Have a 64-bit MATLAB and OS! Only nostalgia and legacy code justifies a 32-bit MATLAB nowadays. 2GB memory limit per MATLAB? Unthinkable. MATLAB 2015b was anyway the last 32-bit release. Additionally the Execution Engine of MATLB 2015b improved!
Treat your discomfort with slow HDD-seeks with a swift SSD. Whether workstation or notebook, even 512GB are cheap today. Boosted program startups and increased speeds on lots of small, scattered files come with the additional advantage of having a superfast swap-storage in case of memory overflow.
The effect of an SSD on *.mat-files however is marginal. Computing power with compression and decompression seems to be the limiting component:
Speaking of CPU-power: we are using 4-physical-core Intel processors across-the-board. Rigged up with MATLABs Parallel Computing Toolbox and 16GB of memory (at least) we have 4 MATLABs crunching numbers simultaneously. Computing-intensive, homogeneous tasks in our tools are all ready for this parallelization.
Data vs. Information
We often cannot distinguish between relevant and irrelevant data a priori. Every bit might be important. But we can at least store data smart.

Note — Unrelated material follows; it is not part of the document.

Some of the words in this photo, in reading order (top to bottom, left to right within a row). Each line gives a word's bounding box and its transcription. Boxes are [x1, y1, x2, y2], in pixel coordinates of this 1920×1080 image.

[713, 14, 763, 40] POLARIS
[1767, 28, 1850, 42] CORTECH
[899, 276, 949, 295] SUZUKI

Numerics in MATLAB are by default doubles (8 Byte). In many cases the usage of single-precision suffices over that conservative approach. pi==3.141592653589793 becomes pi==3.1415927. Memory usage is cut into half. Furthermore we do not claim our models to so valid as needing 15 decimal places ;)

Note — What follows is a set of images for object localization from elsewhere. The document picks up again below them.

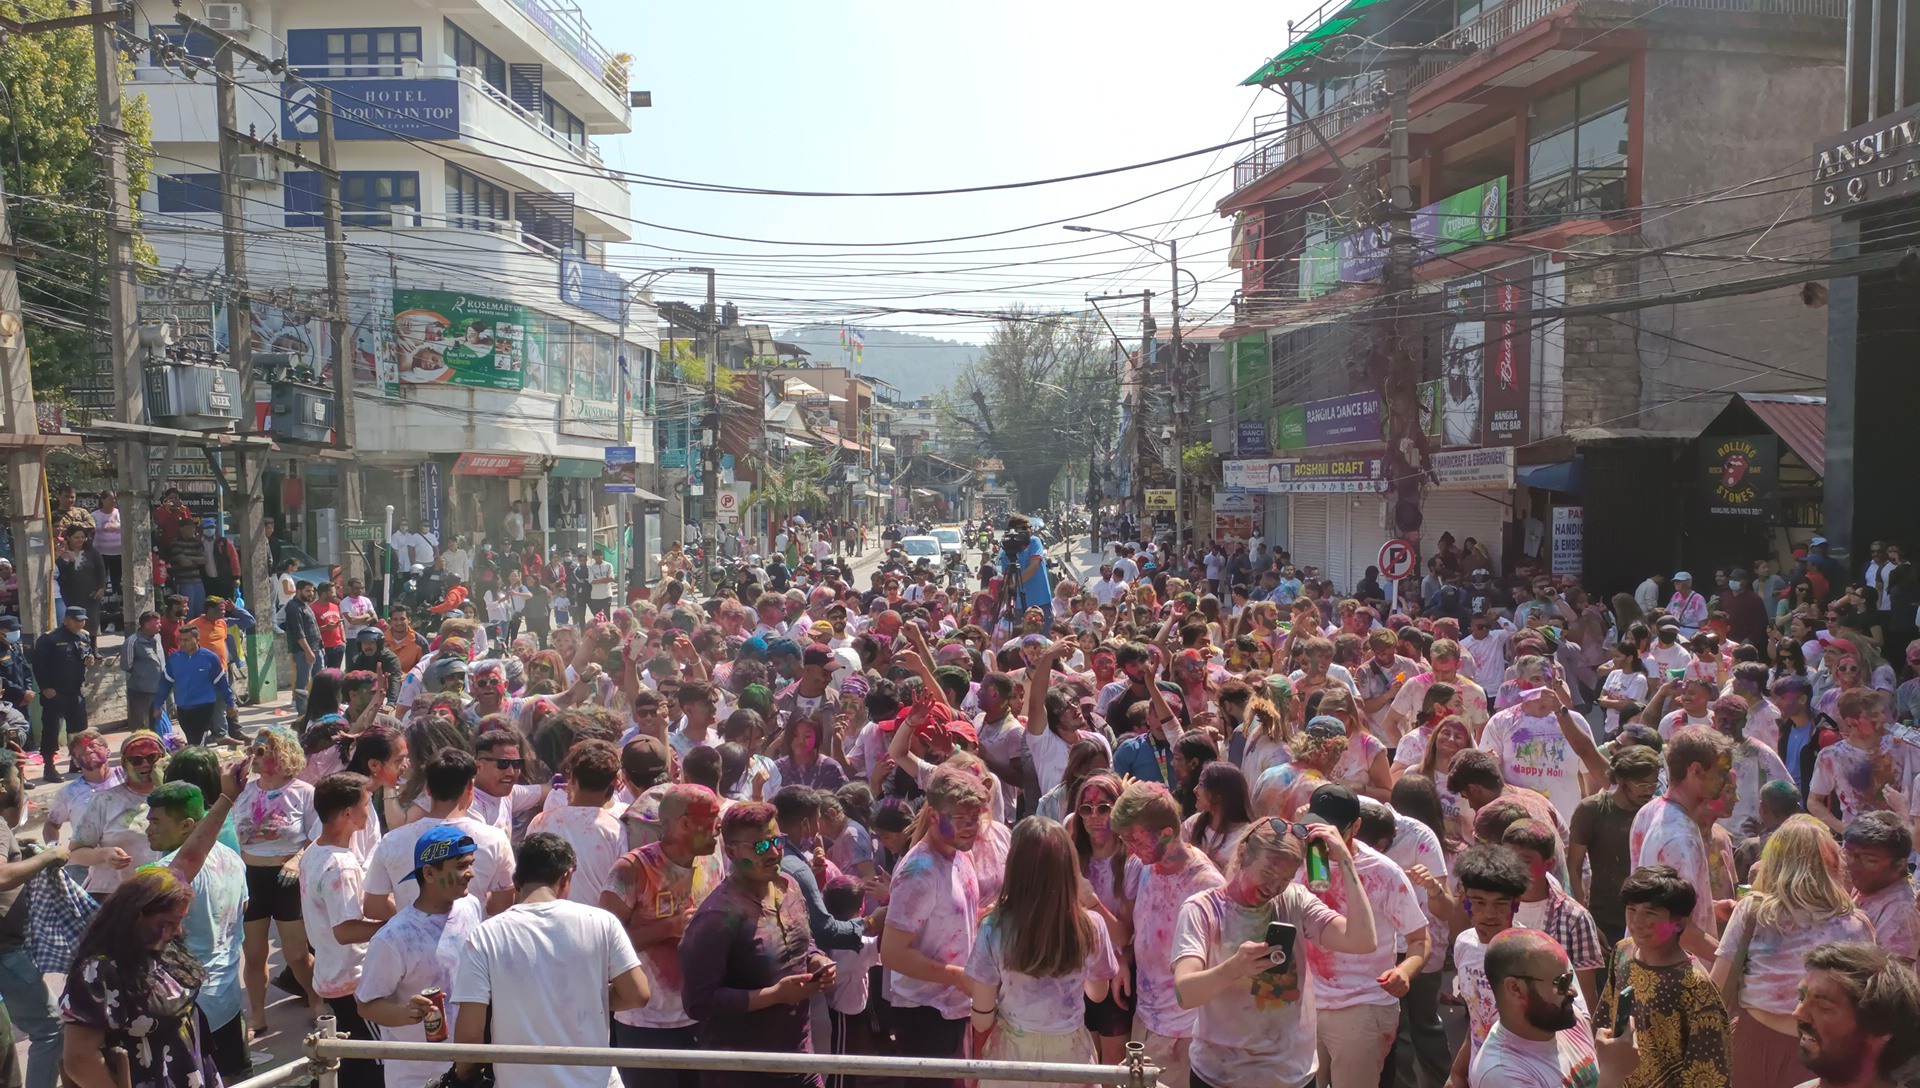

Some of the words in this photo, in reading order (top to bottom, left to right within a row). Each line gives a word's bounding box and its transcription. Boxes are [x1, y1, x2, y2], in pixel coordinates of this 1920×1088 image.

[365, 90, 427, 101] HOTEL
[340, 107, 419, 120] MOUNTAIN
[421, 107, 453, 119] TOP
[1447, 211, 1476, 232] TUBORG
[467, 300, 513, 312] ROSEMARY
[1306, 407, 1336, 424] RANGILA
[1337, 402, 1361, 421] DANCE
[1490, 421, 1509, 431] DANCE
[1509, 420, 1521, 430] BAR
[1717, 441, 1757, 459] ROLLING
[470, 457, 488, 467] ARTS
[487, 459, 496, 467] OF
[1294, 462, 1329, 476] ROSHNI
[1331, 461, 1364, 475] CRAFT
[149, 464, 178, 475] HOEL
[1716, 484, 1755, 503] STONES
[430, 464, 441, 540] ALTITUD
[347, 528, 369, 538] Street
[370, 527, 382, 540] 16
[1512, 764, 1543, 777] Happy

We compress timeseries data of test vehicles (with more than 900 channels) to a third of their size by recoding the information. Most channels have high sampling but little information. By transforming the data to non-equidistant timeseries data (e.g. with MATLAB timeseries-objects) there is no loss of information.
Finally some hints for our toolboxs:
- When managing thousands of requirements in Stipulator, we recommend increasing the (maximum) Java heap space (512MB)
- Do install the toolboxes locally (not on a network share)
- Signal processing and export in Stipulator are parallelized if possible, so are Brainer-trainings and model evaluation
PS: More methodical aspects when handling loads of data especially with Brainer will follow on a seperate blog entry.